**The problem:**
This exercise calls for the data below to be retyped exactly, minus any images.

**Dataset excerpts:**
■ ■ ■ ■ ■

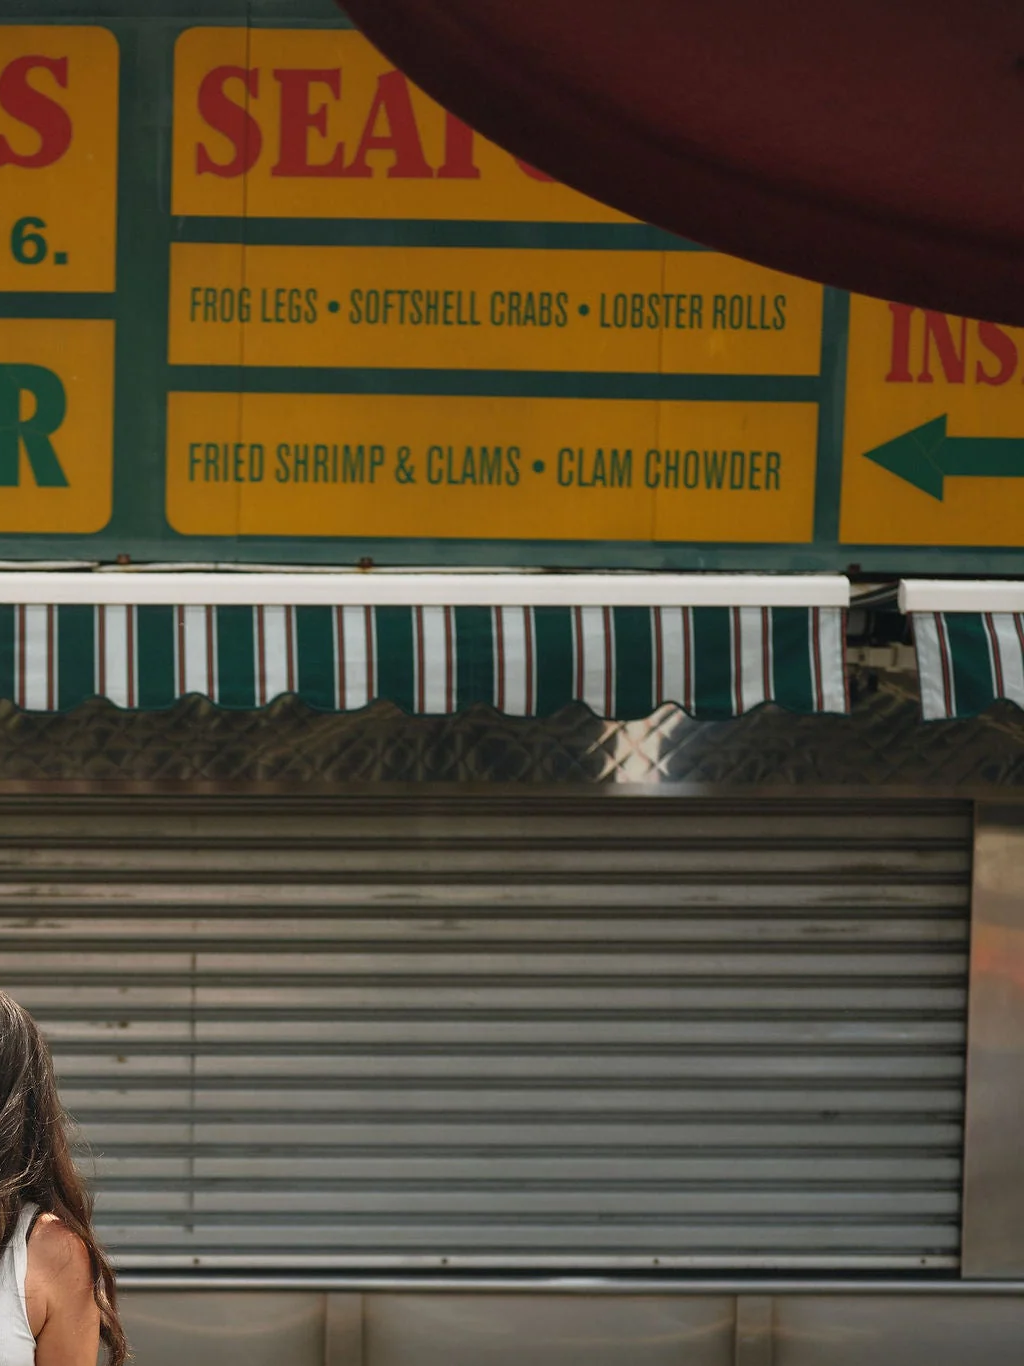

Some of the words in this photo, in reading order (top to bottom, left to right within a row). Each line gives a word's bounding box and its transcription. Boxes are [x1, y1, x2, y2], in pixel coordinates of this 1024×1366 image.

[189, 286, 251, 324] FROG
[260, 288, 318, 324] LEGS
[349, 288, 482, 326] SOFTSHELL
[489, 291, 569, 327] CRABS
[599, 292, 703, 330] LOBSTER
[711, 294, 787, 331] ROLLS
[884, 302, 1024, 388] INS
[188, 442, 265, 483] FRIED
[274, 443, 385, 484] SHRIMP
[394, 445, 416, 484] &
[426, 445, 521, 486] CLAMS
[556, 447, 633, 488] CLAM
[643, 448, 782, 491] CHOWDER

■ ■ ■ ■ ■

**Completed task:**
Some of the words in this photo, in reading order (top to bottom, left to right within a row). Each line gives a word's bounding box and its transcription. Boxes are [x1, y1, x2, y2], in pixel coordinates of this 1024×1366 image.

[189, 286, 251, 324] FROG
[260, 288, 318, 324] LEGS
[349, 288, 482, 326] SOFTSHELL
[489, 291, 569, 327] CRABS
[599, 292, 703, 330] LOBSTER
[711, 294, 787, 331] ROLLS
[884, 302, 1024, 388] INS
[188, 442, 265, 483] FRIED
[274, 443, 385, 484] SHRIMP
[394, 445, 416, 484] &
[426, 445, 521, 486] CLAMS
[556, 447, 633, 488] CLAM
[643, 448, 782, 491] CHOWDER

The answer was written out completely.